India catching UK for air traffic; IndiGo now more than twice as big as Jet Airways domestically; Air India growing its long-haul network
When we last looked at the Indian aviation market we noted that the country had moved into fifth place in the global rankings behind only the US, China, Japan and the UK (as measured by annual passengers passing through airports) and ahead of Germany and Indonesia. We also speculated that India could overtake the UK either this year or next. With Indian traffic growing much faster than the UK, the latest figures make interesting reading. In April, India’s airports handled 23.2 million passengers compared with 24.1 million in the UK. With some UK airports yet to report their May figures it looks like India’s airports may have crept ahead of the UK. According to AAI statistics 25.5 million passengers passed through India’s airports in May while anna.aero predicts that around 25.4 million passengers will have used UK airports that month. OAG schedule data for S17 suggests that the UK is still offering around 4% more seats this summer from its airports compared to those in India, so the UK may hang on to its fourth place for a little while longer. But it’s getting close.
Domestic traffic growth slows to around 15% in 2017
Passenger numbers on domestic routes increased by more than 20% in every month from November 2015 to January 2017. However, in February, March and April this rapid growth slowed somewhat to around 15% before picking up slightly in May to reach 17.4%.
IndiGo twice as big as nearest rival Jet Airways in domestic market
As recently as June 2012, Jet Airways (combined with Jet Lite) had the biggest share of the Indian domestic market.
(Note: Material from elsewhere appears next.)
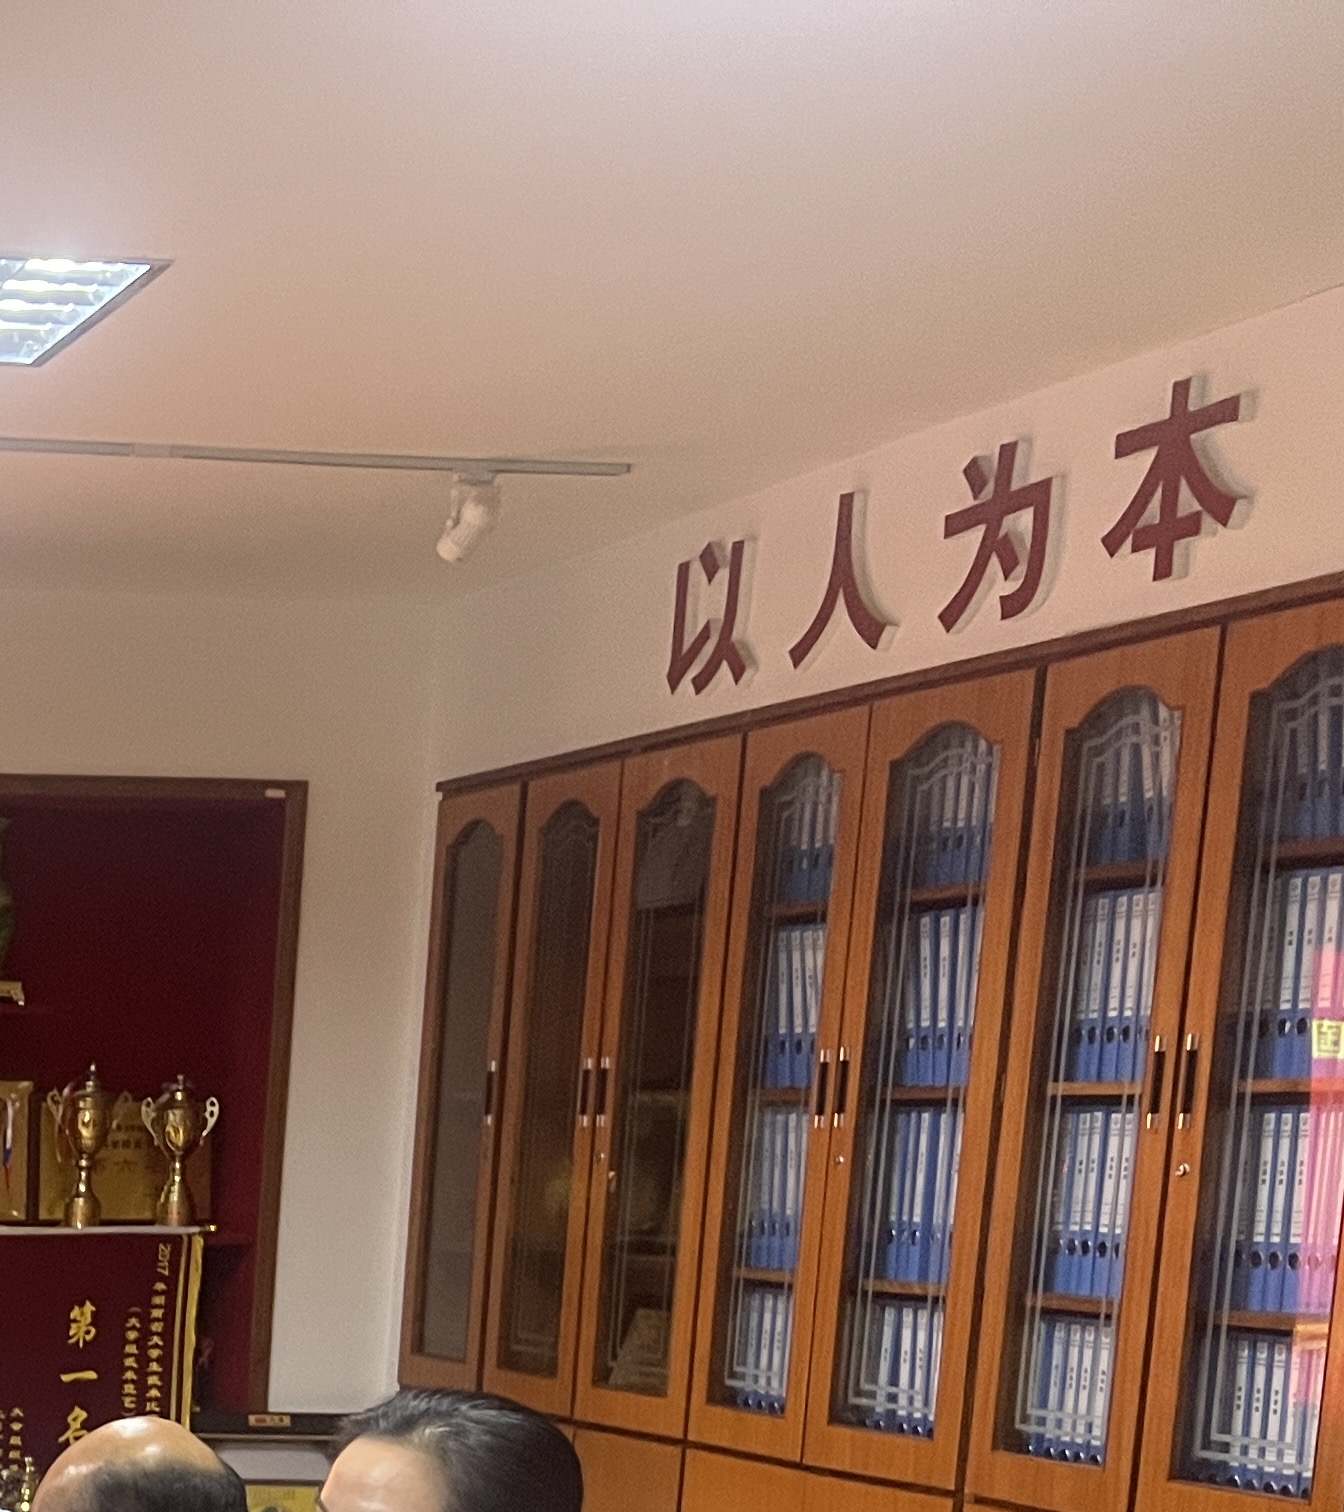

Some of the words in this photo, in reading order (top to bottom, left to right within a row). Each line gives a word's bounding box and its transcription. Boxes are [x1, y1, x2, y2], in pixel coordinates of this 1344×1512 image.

[667, 377, 1241, 696] 以人为本
[58, 1299, 99, 1445] 第一名
However, from July 2012 onwards, IndiGo has been the leading carrier on domestic flights and has seen its share of the market grow to around 40%, peaking at 42.6% last October. Meanwhile Jet Airways and Jet Lite now have a combined share of around 18%, followed by Air India and SpiceJet with around 13% each and GoAir with between 8% and 9%. Relative newcomers AirAsia India and Vistara currently both have around 3% of the market. TruJet has less than 1% of the market, while Air Costa suspended operations at the end of February 2017.
International traffic still growing by 8% in 2017
In the first five months of 2017, international traffic at India’s airports has grown by between 7.2% and 9.8%, averaging just over 8%. This is consistent with the annual growth seen in 2014, 2015 and 2016. According to OAG schedule data for S17, the airlines with the biggest share of the Indian international market are Jet Airways (13.9%), Air India (10.5%), Emirates (8.3%), Air India Express (6.5%) and Etihad Airways (4.8%). Domestic leader IndiGo now ranks sixth with 4.7% ahead of Oman Air (3.5%), Qatar Airways (3.3%), SriLankan Airlines (3.0%) and SpiceJet (2.8%). A total of 80 airlines are offering at least 50 international flights from Indian airports this summer. For comparison, in Japan there are 90 airlines with at least 50 international flights and the two leading carriers are All Nippon Airways (11.4%) and Japan Airlines (9.1%).
Significant new international route launches in the second half of this year include Air Canada’s new service from Toronto Pearson to Mumbai, Air India’s Delhi to Washington Dulles service which begins on 7 July and a new service to Stockholm, also from Delhi, starting in August followed by Copenhagen in September. Other new European routes starting before the end of the year include Alitalia’s plans to launch a Delhi service from Rome at the end of October, while KLM is resuming services to Mumbai from Amsterdam, also at the end of October. Meanwhile, later this month, IndiGo is adding new links to Doha from Chennai and Kozhikode. It already serves the Qatari hub from Delhi and Mumbai.